* [YOUR ASSIGNMENT]: Return the following data exactly, with all pictures left out.

(Data records)
[Start of section]

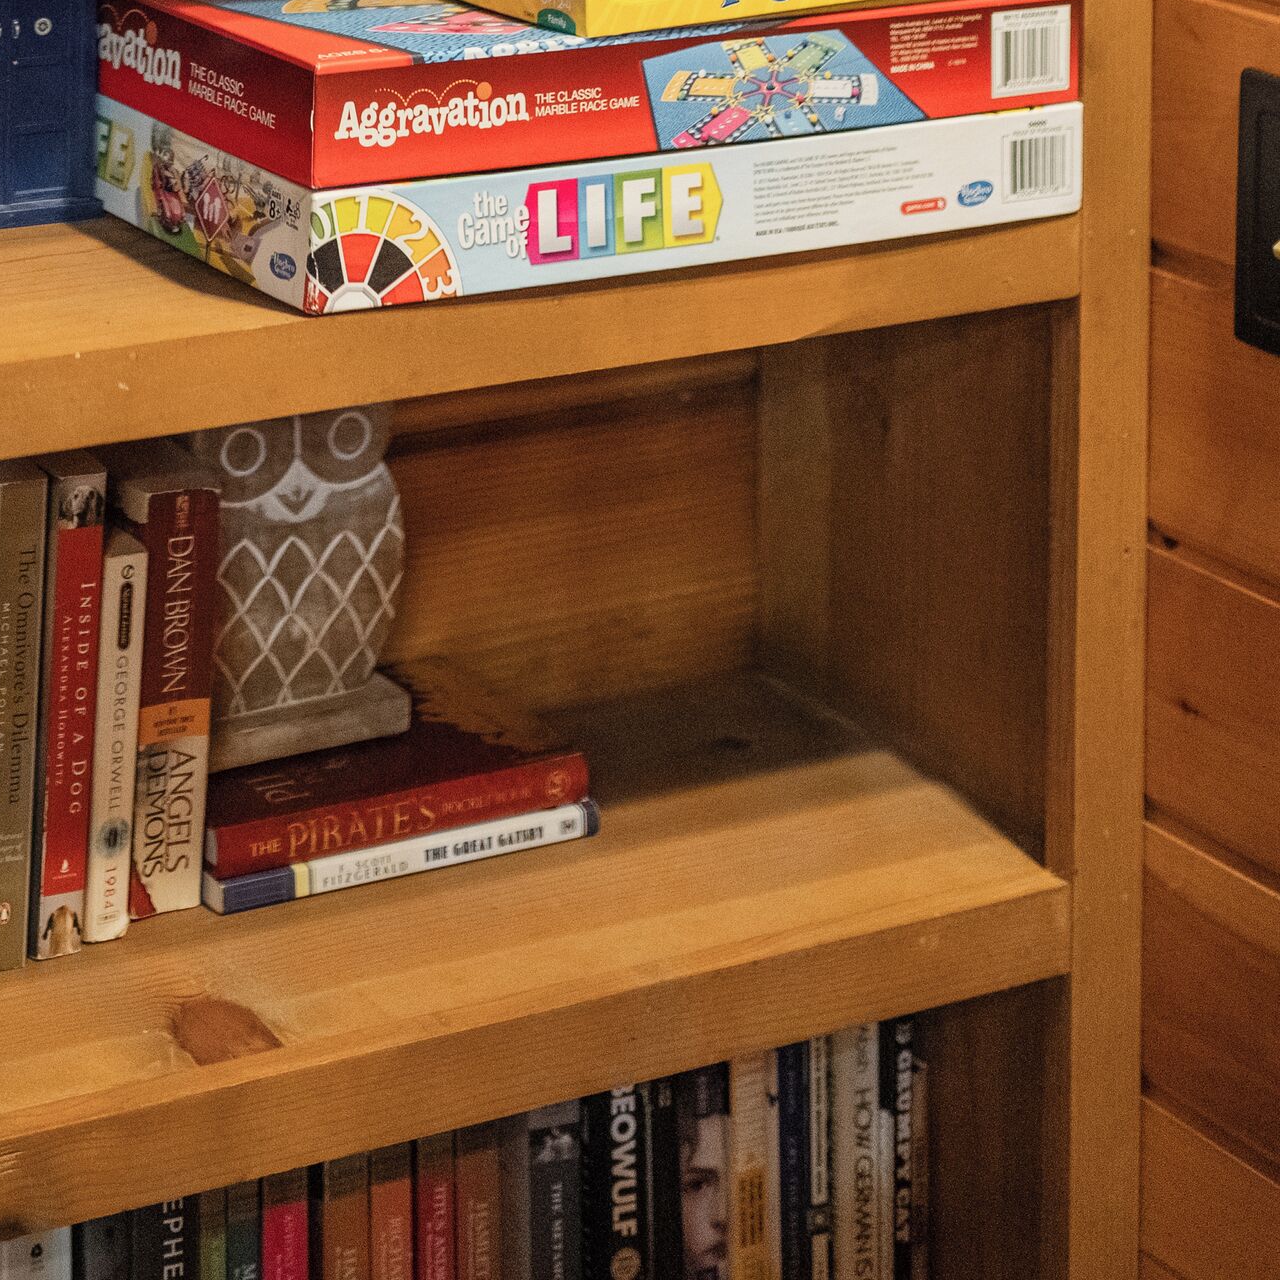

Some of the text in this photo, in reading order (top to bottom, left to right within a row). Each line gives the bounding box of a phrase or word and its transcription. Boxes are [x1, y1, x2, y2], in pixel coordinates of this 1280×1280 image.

[187, 80, 276, 130] MARBLE RACE GAME
[189, 62, 245, 97] THE CLASSIC
[534, 87, 602, 105] THE CLASSIC
[534, 95, 640, 118] MARBLE RACE GAME
[333, 88, 531, 148] Aggravation
[456, 203, 530, 251] Game
[472, 191, 508, 218] the
[536, 171, 704, 255] LIFE
[505, 230, 528, 260] of
[17, 546, 36, 575] The
[165, 535, 195, 593] DAN
[12, 591, 34, 704] Omnivore's
[160, 599, 191, 695] BROWN
[54, 615, 73, 787] ALEXANDRA HOROWITZ
[68, 581, 97, 816] INSIDE OF A DOG
[111, 655, 129, 733] GEORGE
[7, 711, 30, 806] Dilemma
[107, 740, 126, 813] ORWELL
[142, 749, 171, 879] DEMONS
[164, 749, 197, 875] ANGELS
[249, 838, 281, 858] THE
[286, 796, 437, 858] PIRATE'S
[423, 825, 544, 863] THE GREAT GATSBY
[103, 866, 118, 910] 1984

[End of section]

* [WORKED SOLUTION]:
Some of the text in this photo, in reading order (top to bottom, left to right within a row). Each line gives the bounding box of a phrase or word and its transcription. Boxes are [x1, y1, x2, y2], in pixel coordinates of this 1280×1280 image.

[187, 80, 276, 130] MARBLE RACE GAME
[189, 62, 245, 97] THE CLASSIC
[534, 87, 602, 105] THE CLASSIC
[534, 95, 640, 118] MARBLE RACE GAME
[333, 88, 531, 148] Aggravation
[456, 203, 530, 251] Game
[472, 191, 508, 218] the
[536, 171, 704, 255] LIFE
[505, 230, 528, 260] of
[17, 546, 36, 575] The
[165, 535, 195, 593] DAN
[12, 591, 34, 704] Omnivore's
[160, 599, 191, 695] BROWN
[54, 615, 73, 787] ALEXANDRA HOROWITZ
[68, 581, 97, 816] INSIDE OF A DOG
[111, 655, 129, 733] GEORGE
[7, 711, 30, 806] Dilemma
[107, 740, 126, 813] ORWELL
[142, 749, 171, 879] DEMONS
[164, 749, 197, 875] ANGELS
[249, 838, 281, 858] THE
[286, 796, 437, 858] PIRATE'S
[423, 825, 544, 863] THE GREAT GATSBY
[103, 866, 118, 910] 1984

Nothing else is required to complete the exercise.